Chinese President Xi Jinping, in his inaugural address, saw the launch of the AIIB as “a historical moment.” “Asia’s financing needs for basic infrastructure are absolutely enormous,” Mr. Xi observed. He added that the bank would target investments in “high-quality, low-cost” projects. Analysts say the AIIB is likely to lend anywhere between $10-15 billion a year during the first five or six years of its existence. Earlier in an interview, Chinese Finance Minister Lou Jiwei—the first Chairman of its council—described the AIIB as a milestone in the reform of the global economic governance system. The AIIB is expected to open a new channel of funding for the Global South, which was so far dependent on the western backed International Monetary Fund (IMF), the World Bank and the Asian Development Bank (ADB), in which Japan plays a pre-eminent role.
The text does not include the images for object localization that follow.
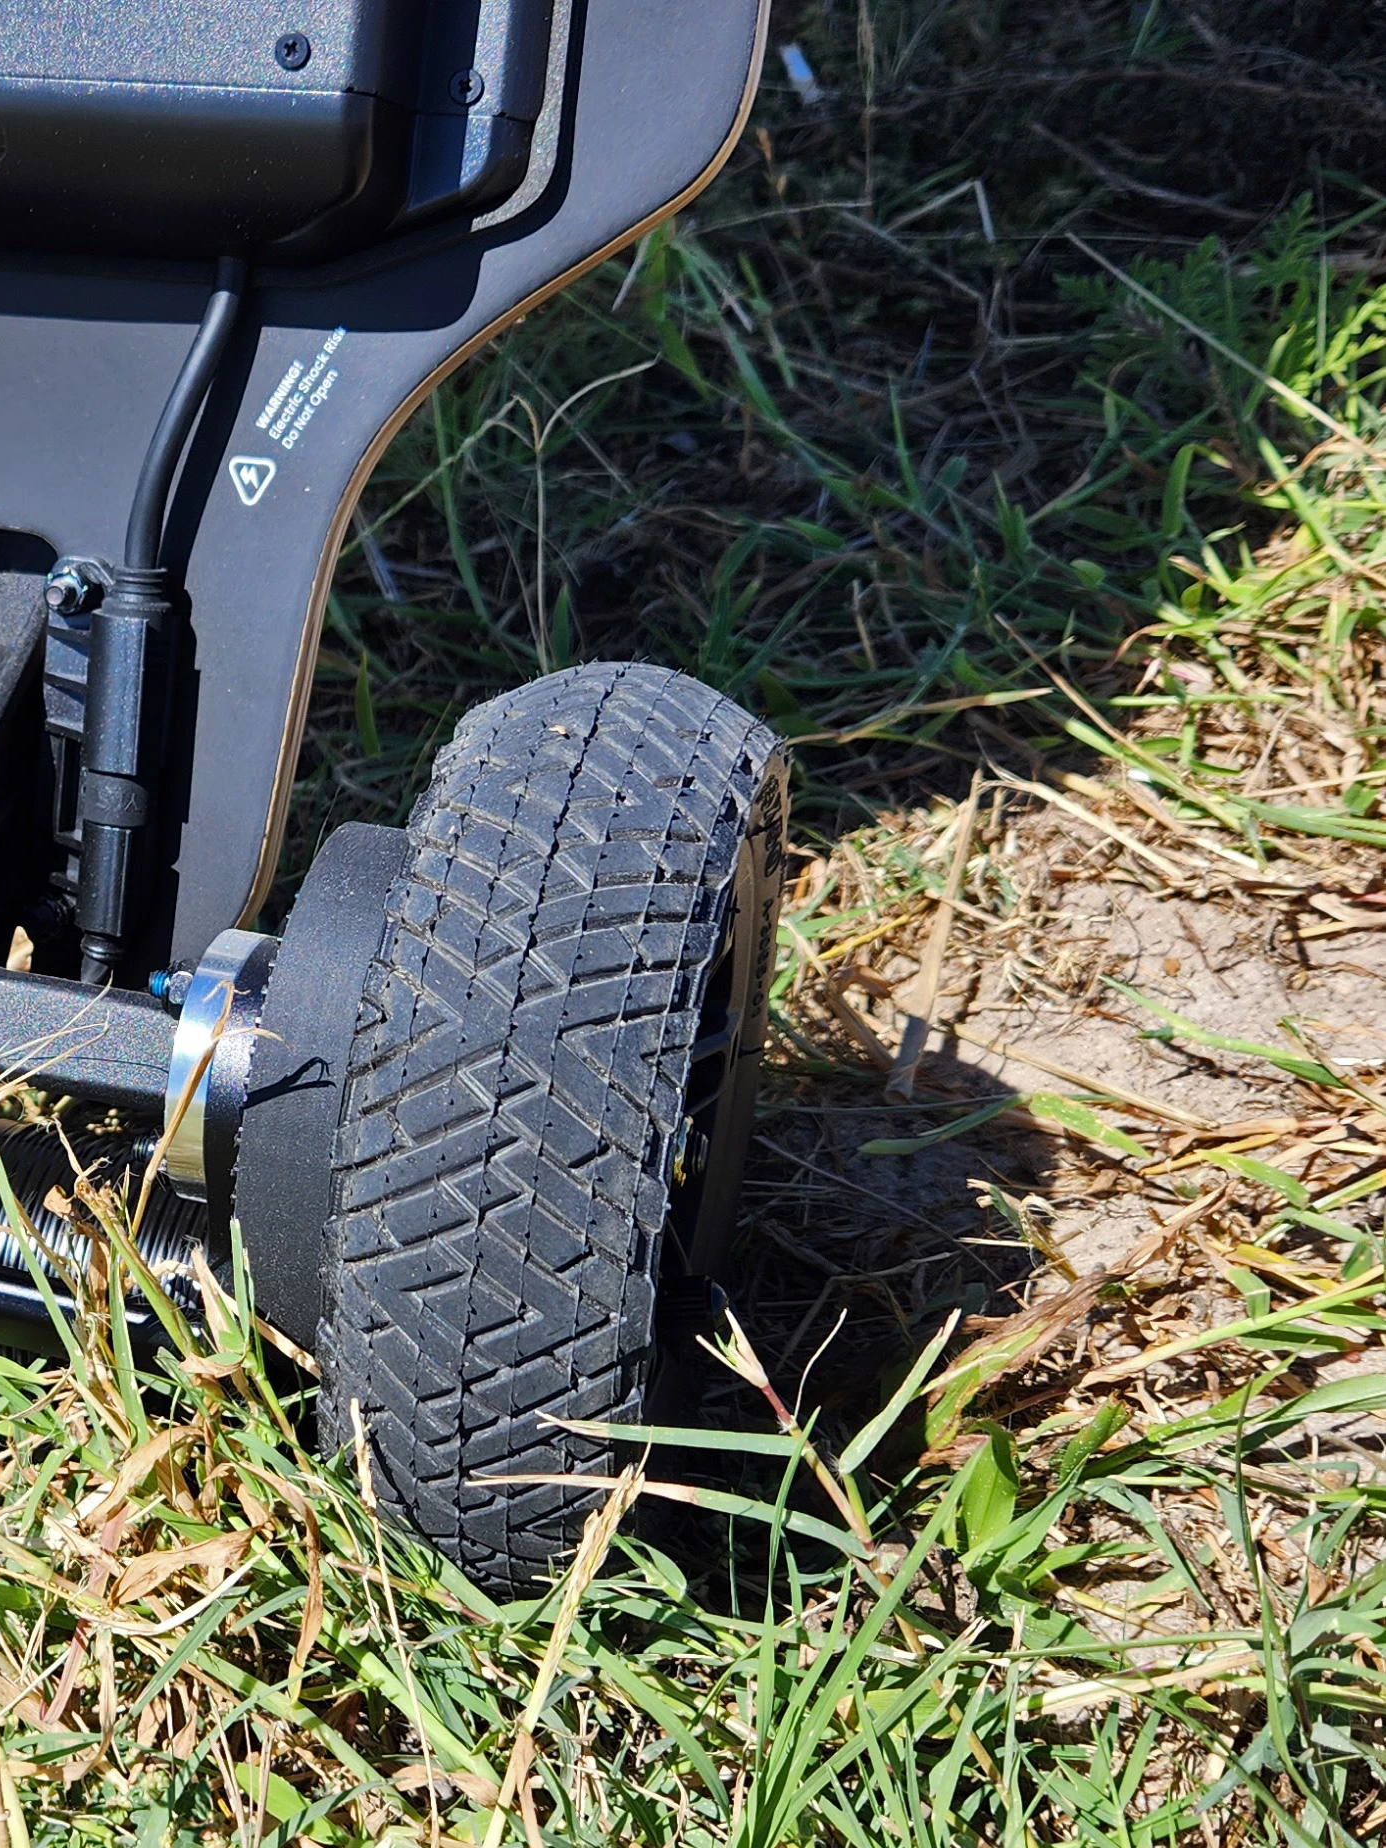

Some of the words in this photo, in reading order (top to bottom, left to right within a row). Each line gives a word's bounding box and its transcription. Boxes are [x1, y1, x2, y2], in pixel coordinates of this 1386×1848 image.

[255, 358, 304, 429] WARNING!
[269, 391, 304, 440] Electric
[298, 351, 331, 394] Shock
[281, 428, 299, 450] Do
[293, 405, 316, 432] Not
[309, 369, 339, 407] Open
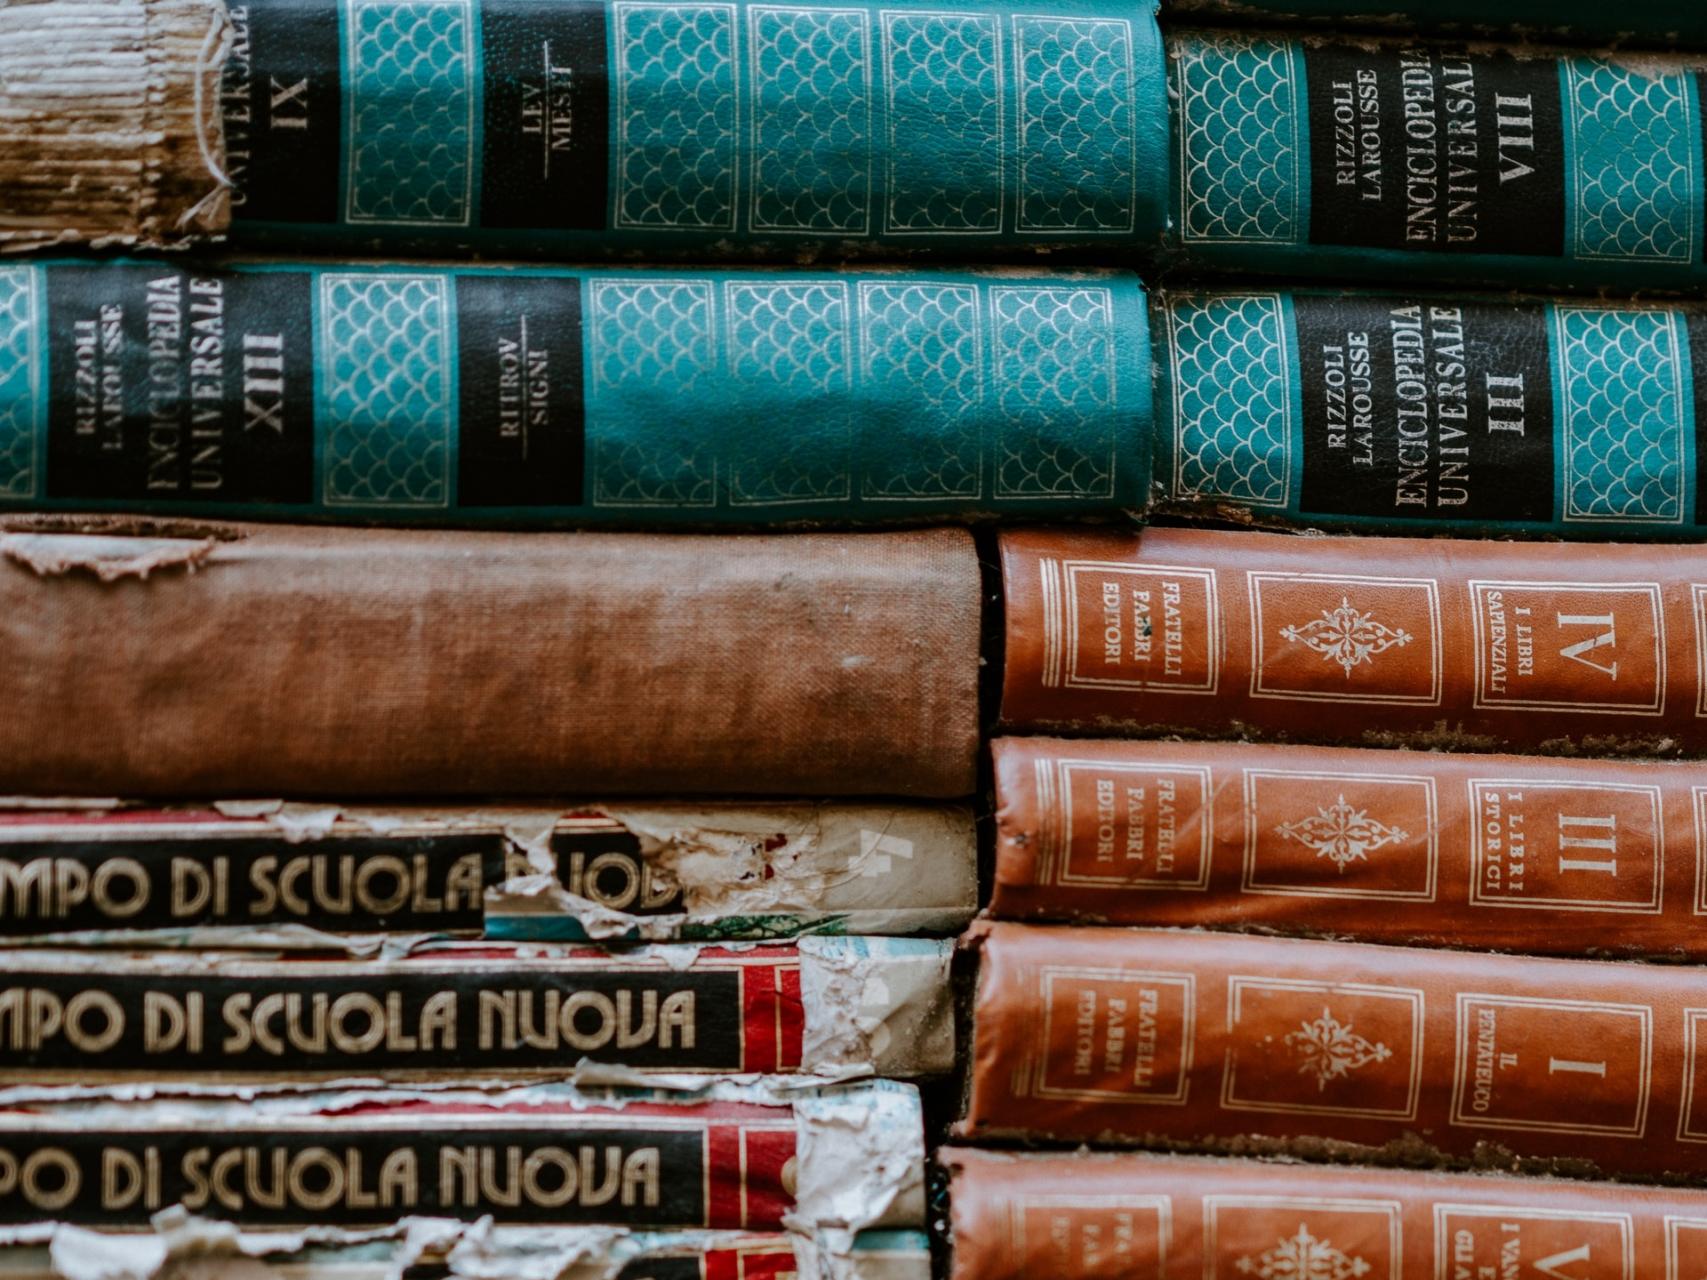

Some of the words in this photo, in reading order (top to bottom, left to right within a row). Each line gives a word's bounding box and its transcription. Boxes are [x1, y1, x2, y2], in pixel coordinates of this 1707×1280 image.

[271, 74, 308, 129] IX
[522, 82, 544, 134] LEV
[1332, 80, 1356, 185] RIZZOLI
[1356, 69, 1382, 201] LAROUSSE
[1400, 48, 1438, 242] ENCICLOPEDIA
[1441, 53, 1478, 242] UNIVERSAL
[1495, 92, 1536, 185] VIII
[75, 319, 98, 435] RIZZOLI
[146, 275, 181, 489] ENCICLOPEDIA
[189, 277, 224, 489] UNIVERSALE
[243, 333, 284, 434] XIII
[500, 337, 519, 438] RITROV
[528, 350, 549, 426] SIGNI
[1323, 344, 1347, 449] RIZZOLI
[1347, 331, 1373, 467] LAROUSSE
[1390, 305, 1429, 508] ENCICLOPEDIA
[1430, 306, 1470, 507] UNIVERSALE
[1485, 372, 1525, 436] III
[1102, 581, 1122, 665] EDITORI
[1132, 589, 1152, 662] FABBRI
[1162, 581, 1182, 676] FRATELLI
[1486, 590, 1507, 694] SAPIENZIALI
[1516, 624, 1534, 677] LIBRI
[1556, 611, 1618, 681] IV
[1096, 779, 1115, 862] EDITORI
[1126, 786, 1145, 860] FABBRI
[1156, 778, 1176, 873] FRATELLI
[1485, 792, 1501, 889] STORICI
[1509, 814, 1525, 890] LIBRI
[1558, 812, 1617, 877] III
[171, 856, 230, 918] DI
[249, 853, 483, 917] SCUOLA
[143, 990, 204, 1054] DI
[222, 990, 458, 1056] SCUOLA
[478, 989, 696, 1051] NUOVA
[1104, 998, 1127, 1073] FABBRI
[1134, 989, 1158, 1087] FRATELLI
[1472, 1008, 1497, 1113] PENTATEUCO
[1500, 1052, 1519, 1070] IL
[1550, 1056, 1607, 1079] I
[101, 1147, 162, 1211] DI
[180, 1146, 419, 1212] SCUOLA
[438, 1145, 661, 1208] NUOVA
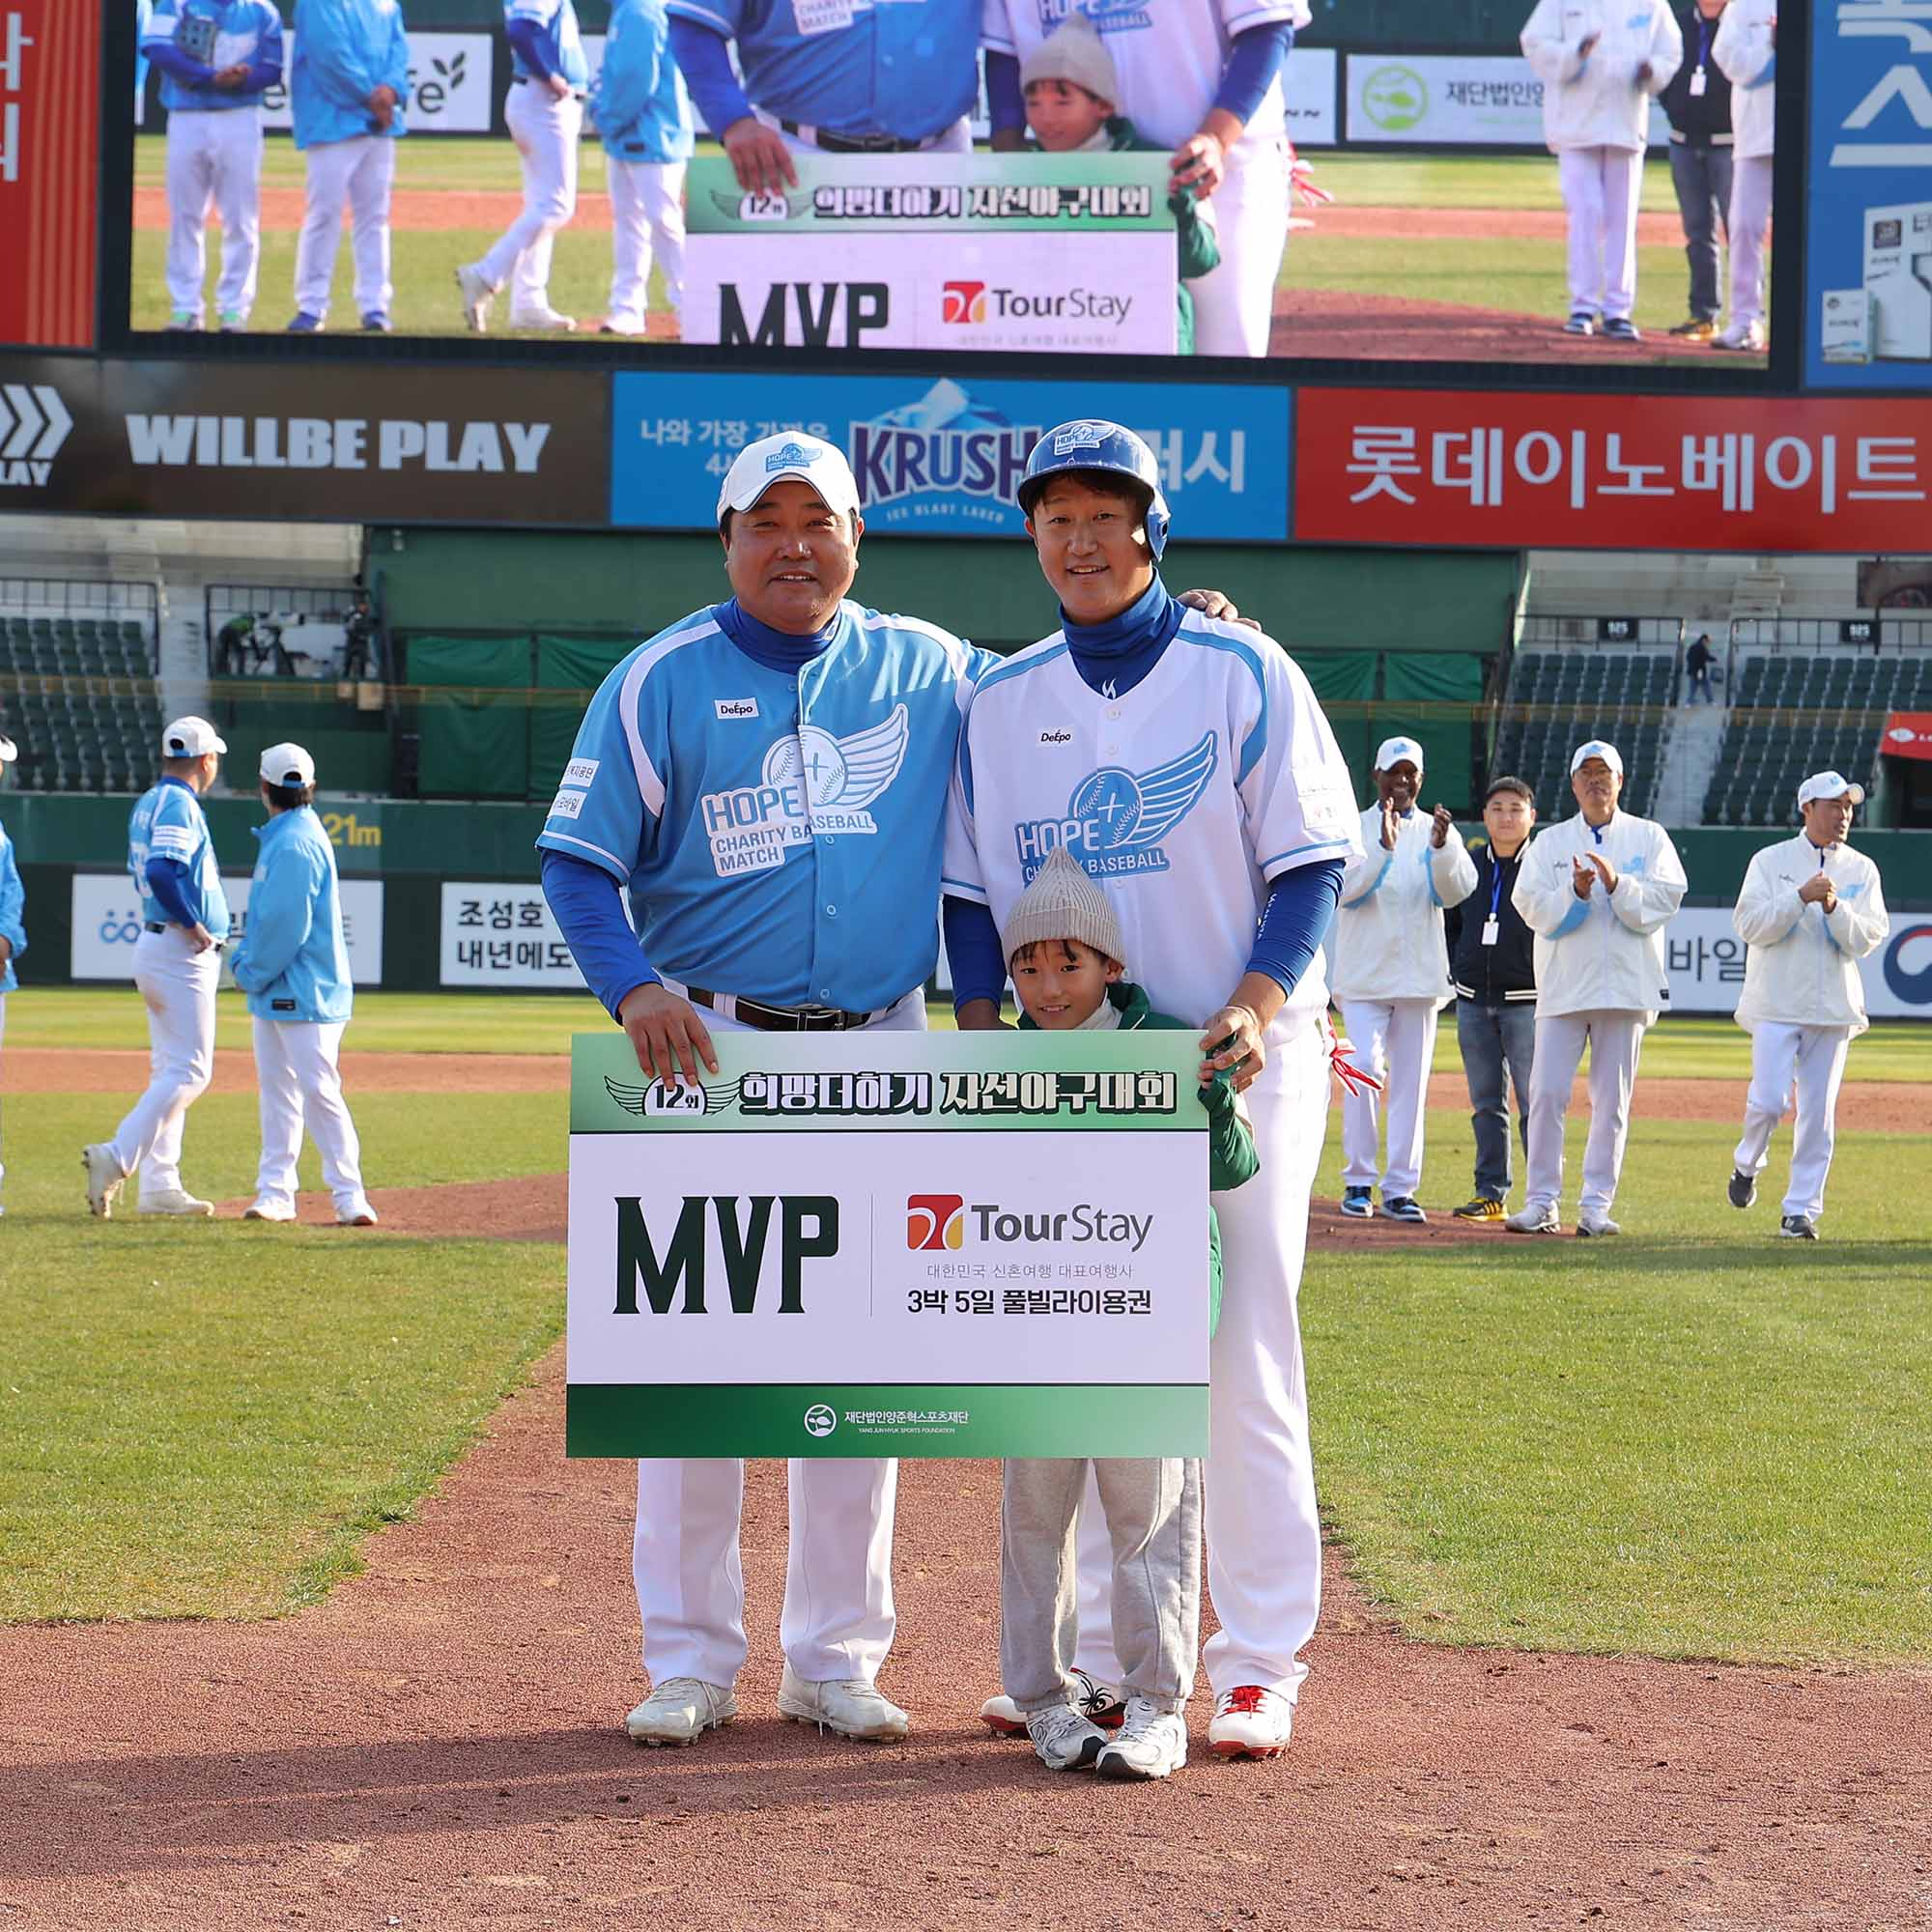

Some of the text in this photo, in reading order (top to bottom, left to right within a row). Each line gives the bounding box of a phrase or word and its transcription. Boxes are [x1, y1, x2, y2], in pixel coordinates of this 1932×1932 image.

Observers say the new lender will focus on infrastructure development in Asia—a move that is likely to support the Eurasian connectivity initiative under the China-led Belt and Road framework. Suma Chakrabarti, President of the European Bank for Reconstruction and Development (EBRD), who attended the opening ceremony, said the formation of the AIIB would provide “healthy additional international firepower for the international system”. The EBRD was set up in 1991 to aid infrastructure development in Eastern Europe. Since then, it has broadened its area of operations to include central Asia, some Mediterranean and North African nations, the Balkans and Southern Europe.

Bonding with Europe

Mr. Chakrabarti also affirmed that Europe fully backed the China-led Eurasian connectivity initiative under the Belt and Road or Silk Road framework.

“The Silk Road will reduce time taken for exports between China and Europe. If we can get the infrastructure moving, this will reduce the costs of imports and exports both ways between China and Europe,” observed Mr. Chakrabarti in an interview with state-run Xinhua news agency. Luxembourg Finance Minister Pierre Gramegna said the establishment of the AIIB was “further proof of the rebalancing of the world economy”.

In a conversation with the Indian media, India’s representative at the conclave, Dinesh Sharma, additional Secretary in the Finance Ministry, acknowledged that meeting appeared to reflect a structural alignment between Europe and China.

He also pointed out that “formal and informal” channels of communication for coordination had been established between the AIIB and the New Development Bank of the BRICS countries.

Without specifying the amount, he said India was likely to be in the beneficiary of lending from the AIIB, especially in the power sector.

On Friday, Chinese Prime Minister Li Keqiang confirmed Beijing’s closer structural bonding with Europe, after China formally joined the EBRD as its 67th member. Earlier, in an article in the People’s Daily , the official newspaper of the Communist Party of China, the AIIB’s President-designate, Jin Liqun, stressed the bridging the digital divide between the regional and global economies would be the bank’s top priority in the future.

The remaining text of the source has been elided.